Saturday 13 November 2004 at the King's Manor

THE CENTRE FOR EIGHTEENTH CENTURY STUDIES AND THE BRITISH ASSOCIATION FOR ROMANTIC STUDIES

ROMANTIC TEXTUALITY: 1770-1830

Romantic Textualities image

Convenor: Alex Watson

In association with the Centre for Eighteenth Century Studies at the University of York, the British Association for Romantic Studies presents a one-day postgraduate conference on the subject of 'Romantic textuality'. The papers focus on a number of different authors - such as William Blake, Mary Wollstonecraft, Anna Laetitia Babauld, William Wordsworth, Walter Scott, Anna Eliza Bray, Charlotte Smith, Mary Robinson, Ann Radcliffe - and address a wide range of topics: how texts were bought and sold in the period; how authors and editors modified the material forms of certain texts to ensure they would be read, studied and consumed in certain ways; and who read which texts - and why.

Late eighteenth and early nineteenth-century British literary culture was marked by its fascination with the materiality of the text. The works of antiquaria n editors, such as Thomas Percy, and forgers, such as Thomas Chatterton and James Macpherson, initiated a sophisticated awareness of the text as a cultural artefact bound in historical conflicts, negotiations and appropriations. Such volumes also generated widespread enthusiasm for literary works that combined poetry or prose with a wide variety of textual forms: lexicographical indexes, marginal glosses, explanatory footnotes, polemical headnotes, pseudo-historical documents, catalogues of antiquities, topographical and architectural drawings, genealogies, histories and bibliographies. At the same time, market competition encouraged authors and publishers to pay more attention to book design, typography and illustration. In recent years, scholarship in many disciplines has drawn renewed attention to the text as it is realised in the physical form of a book. Romantic-period scholars have furthered our understanding of Romantic textuality and the context(s) it operated within: the diffusion of texts through circulating libraries and in clubs, associations, debating societies, salons, taverns, coffee houses; the increasing fragmentation of the reading public; changes in the nature of authorship; the emergence of the professional critic; authors' revision of successive editions of their work.

9.15-9.45: Registration

9.45-10.00: Introduction

10.00-11.30: Panel A 'Romantic Texts' (Chair: Alex Watson)
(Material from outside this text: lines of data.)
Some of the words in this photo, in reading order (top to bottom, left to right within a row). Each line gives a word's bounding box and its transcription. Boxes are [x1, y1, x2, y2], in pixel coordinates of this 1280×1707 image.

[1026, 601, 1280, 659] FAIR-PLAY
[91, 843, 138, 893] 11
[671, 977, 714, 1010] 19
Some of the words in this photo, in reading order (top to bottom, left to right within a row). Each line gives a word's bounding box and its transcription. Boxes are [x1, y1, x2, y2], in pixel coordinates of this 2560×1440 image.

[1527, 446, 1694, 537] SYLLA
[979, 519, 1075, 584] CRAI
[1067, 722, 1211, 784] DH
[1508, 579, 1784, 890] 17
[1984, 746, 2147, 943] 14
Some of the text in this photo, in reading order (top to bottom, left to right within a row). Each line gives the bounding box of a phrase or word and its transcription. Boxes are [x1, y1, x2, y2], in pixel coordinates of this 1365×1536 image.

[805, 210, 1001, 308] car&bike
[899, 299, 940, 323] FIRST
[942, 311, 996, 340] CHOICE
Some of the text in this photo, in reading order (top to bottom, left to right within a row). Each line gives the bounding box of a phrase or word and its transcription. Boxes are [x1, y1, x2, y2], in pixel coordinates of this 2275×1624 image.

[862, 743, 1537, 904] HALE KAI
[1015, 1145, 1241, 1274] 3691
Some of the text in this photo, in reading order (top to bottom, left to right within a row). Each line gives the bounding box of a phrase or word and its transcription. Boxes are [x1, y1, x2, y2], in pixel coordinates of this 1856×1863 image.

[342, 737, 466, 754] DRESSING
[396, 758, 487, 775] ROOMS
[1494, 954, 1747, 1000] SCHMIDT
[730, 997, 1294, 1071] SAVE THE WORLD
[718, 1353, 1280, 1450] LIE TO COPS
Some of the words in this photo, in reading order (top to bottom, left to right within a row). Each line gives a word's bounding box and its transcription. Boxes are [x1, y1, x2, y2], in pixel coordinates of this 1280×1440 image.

Ben Whitworth, University of Oxford, 'The Romantic Hymn: Text, Authorship, Authority'

Mark C. Crosby, University of Oxford, 'Damn the King: William Blake and the Textuality of Sedition'

Jenny McAuley, University of Durham, 'Wordsworth's The White Doe of Rylstone (1815): A Gothic Revival Text


11.30-11.45: Coffee

11.45-12.45: Panel B 'Women writers and readers 1' (Chair: Angus Whitehead)

Paul J. Sisko, University of Lehigh, 'Female Aristocratic Buyers of Wollstonecraft's 'A Vindication of the Rights of Woman'

Dianne Duffy, University of Manchester, 'Personal Histories, Public Tex: The Early Historical Romances of Anna Eliza Bray, 1790-1834'

12.45-1.45: Lunch: King's Manor Refectory

1.45-2.45: Panel C 'Women writers and readers 2' (Chair: To be confirmed)

Jennifer L. Black, University of Lehigh, 'Women Writers and their Female Audiences in the Hookham and Carpenter Archives, 1791-8'

Laura J. Smith, ' "…to lay the first stone of a noble building and to plant the first idea in a human mind." Romantic Textuality and Anna Laetitia Barbauld's Works for Children'.

2:45-3.00: Coffee

3.00-4.00: Panel D 'Romantic Textuality and Beyond' (Chair: To be confirmed)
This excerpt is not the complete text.